▶ **What you have to do**: Transcribe each record word for word. Skip the images.

▶ **Data records**:
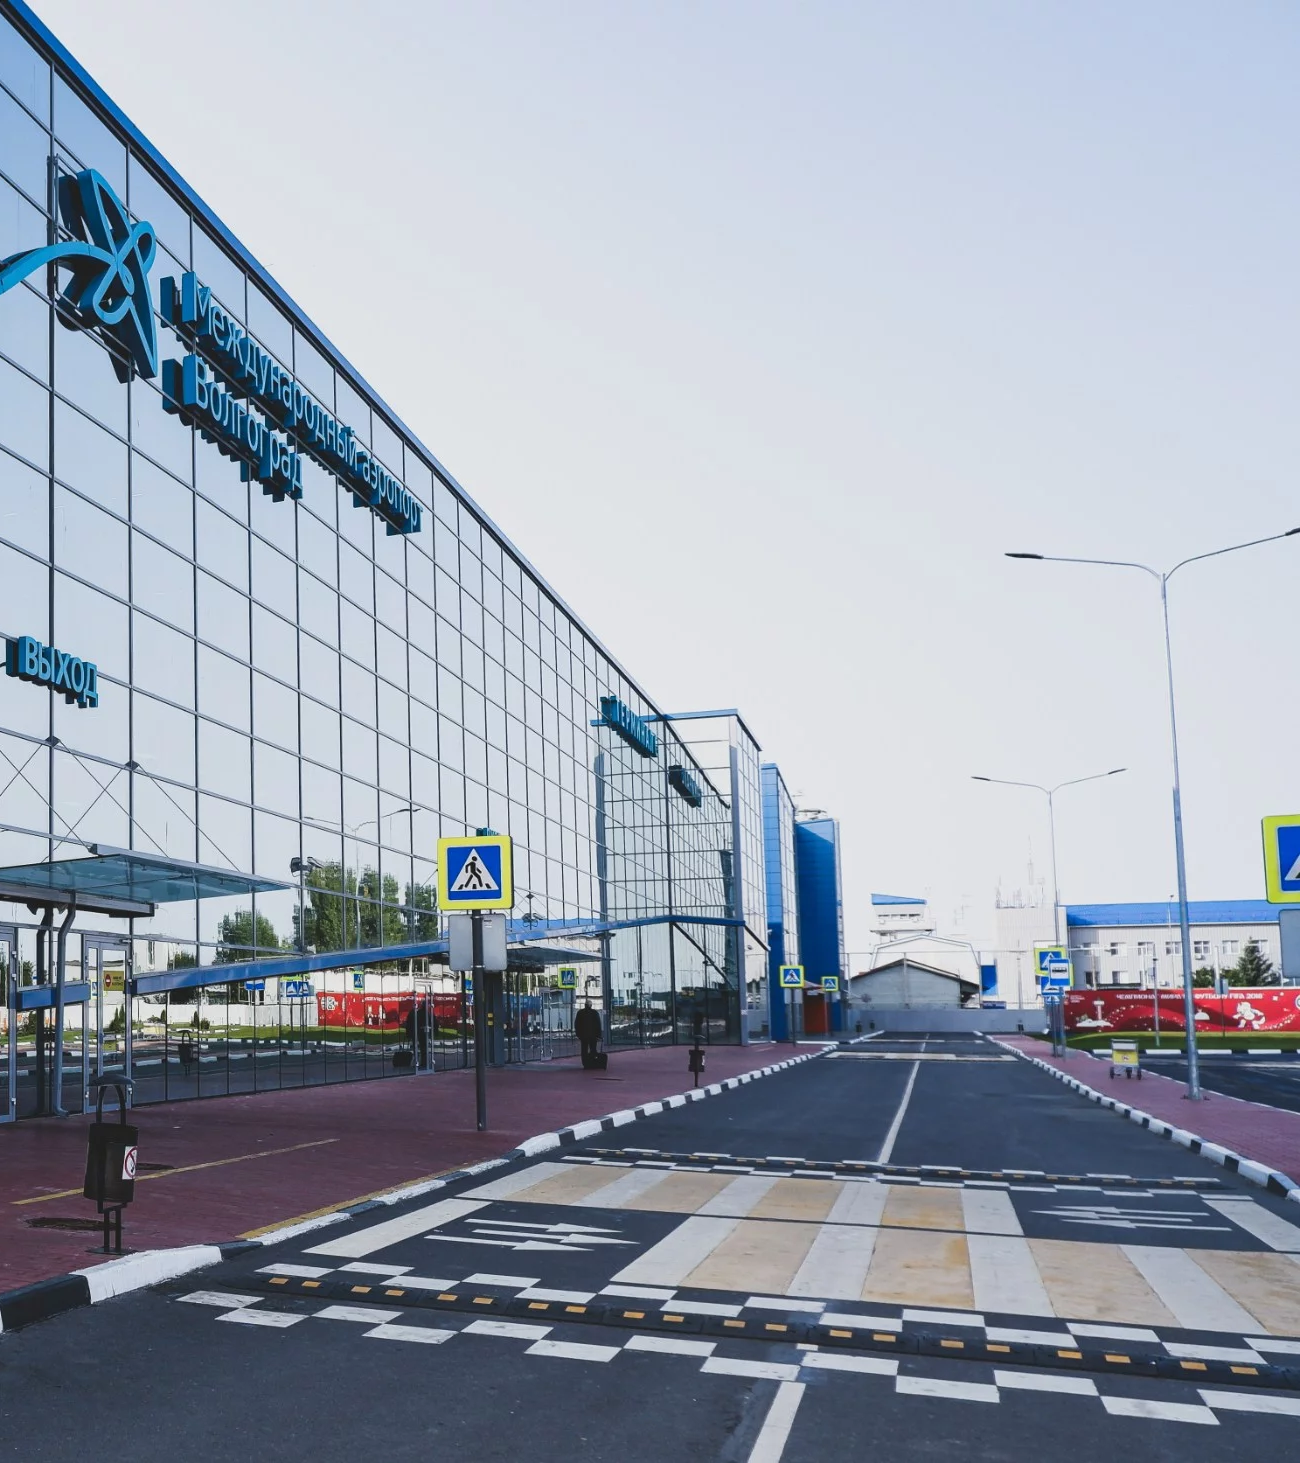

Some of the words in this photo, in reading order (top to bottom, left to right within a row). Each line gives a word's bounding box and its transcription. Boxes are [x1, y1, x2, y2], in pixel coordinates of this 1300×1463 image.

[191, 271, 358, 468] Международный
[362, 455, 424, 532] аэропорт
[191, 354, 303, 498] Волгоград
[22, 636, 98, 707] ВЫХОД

▶ **Output below**:
Some of the words in this photo, in reading order (top to bottom, left to right within a row). Each line gives a word's bounding box and its transcription. Boxes are [x1, y1, x2, y2], in pixel coordinates of this 1300×1463 image.

[191, 271, 358, 468] Международный
[362, 455, 424, 532] аэропорт
[191, 354, 303, 498] Волгоград
[22, 636, 98, 707] ВЫХОД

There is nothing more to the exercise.